A picture-free, exact reproduction of the listing that follows is required.

Records for the exercise:
────────────────
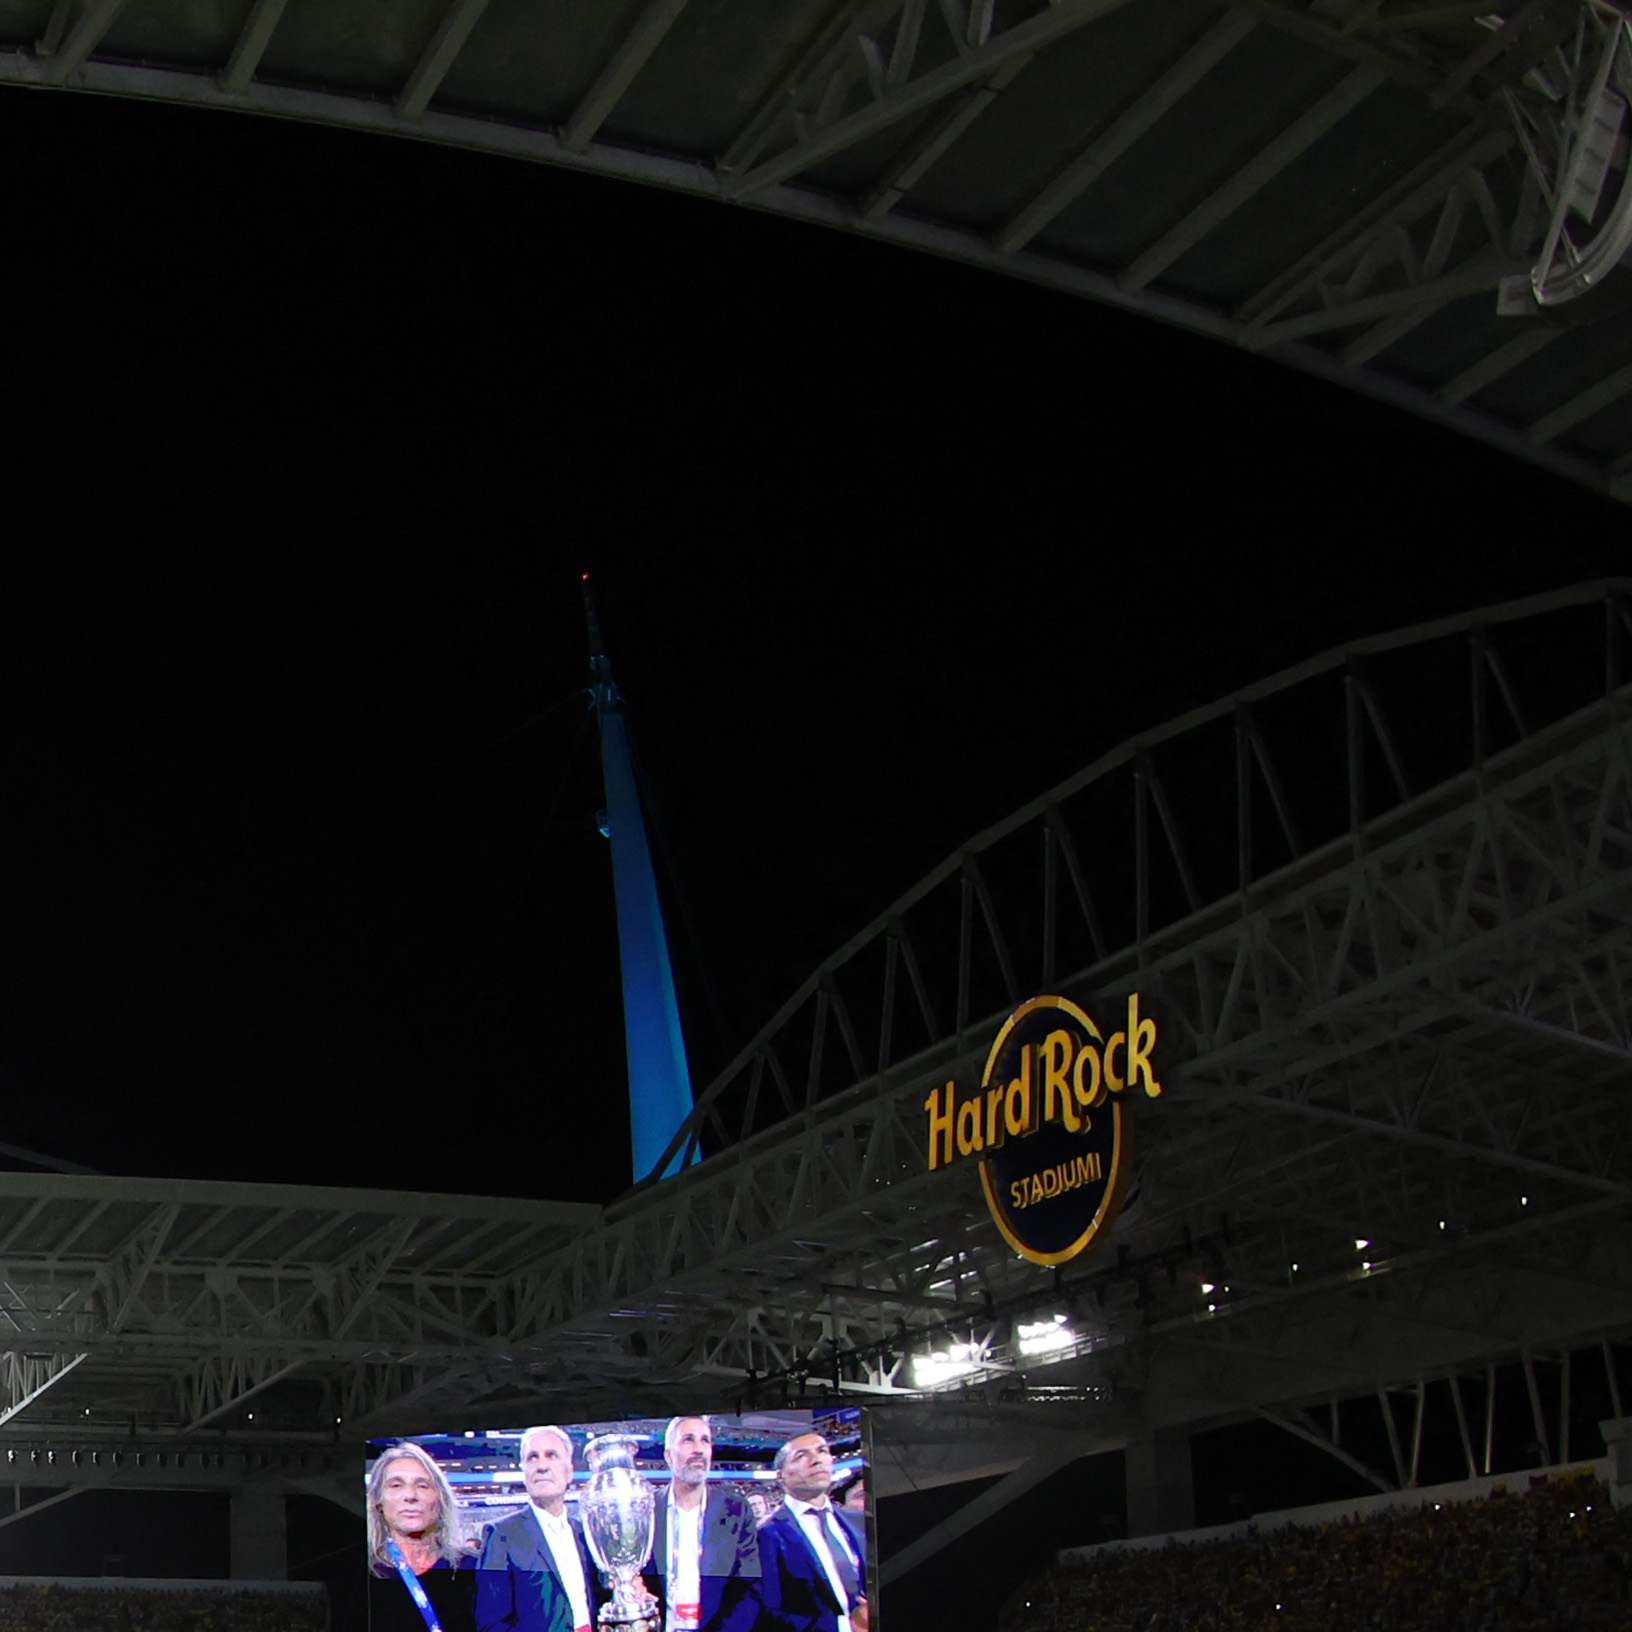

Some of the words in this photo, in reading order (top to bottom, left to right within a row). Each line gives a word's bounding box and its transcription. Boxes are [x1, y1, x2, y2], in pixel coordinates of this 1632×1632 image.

[924, 1043, 1033, 1171] Hard
[1038, 992, 1161, 1133] Rock
[1010, 1152, 1102, 1209] STADIUM
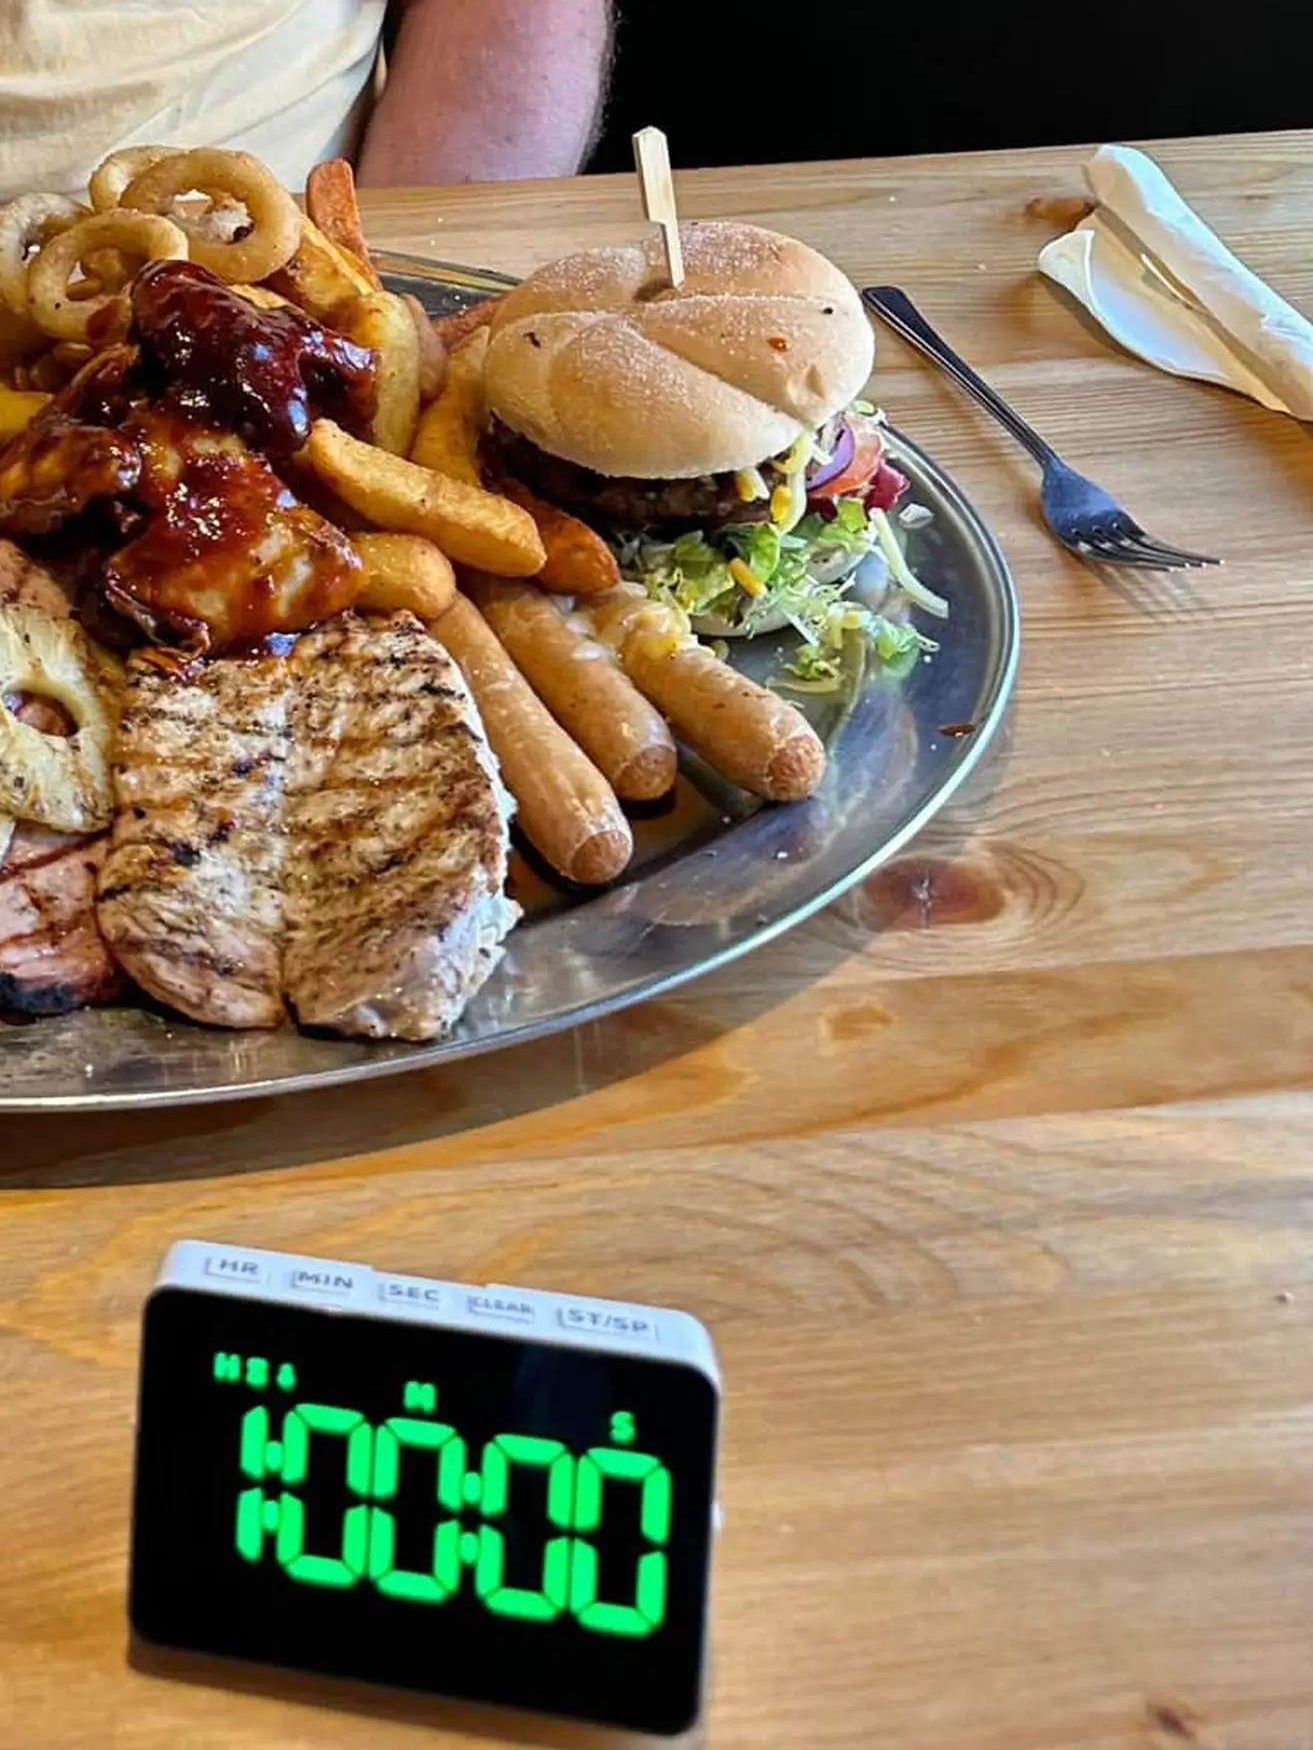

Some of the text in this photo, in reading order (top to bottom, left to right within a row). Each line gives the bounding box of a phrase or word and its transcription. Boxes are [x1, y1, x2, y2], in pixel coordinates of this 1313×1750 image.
────────────────
Final answer:
Some of the words in this photo, in reading order (top to bottom, left to right within a row). Each line gives a word's bounding box and its transcription. Boxes are [x1, y1, x2, y2], in pixel coordinates of this 1632×1632 image.

[924, 1043, 1033, 1171] Hard
[1038, 992, 1161, 1133] Rock
[1010, 1152, 1102, 1209] STADIUM

Some of the text in this photo, in reading order (top to bottom, left to right within a row). Each line gives the bounding box of a phrase or word and its transcription. Boxes are [x1, y1, x2, y2], in pixel coordinates of this 1313×1750 image.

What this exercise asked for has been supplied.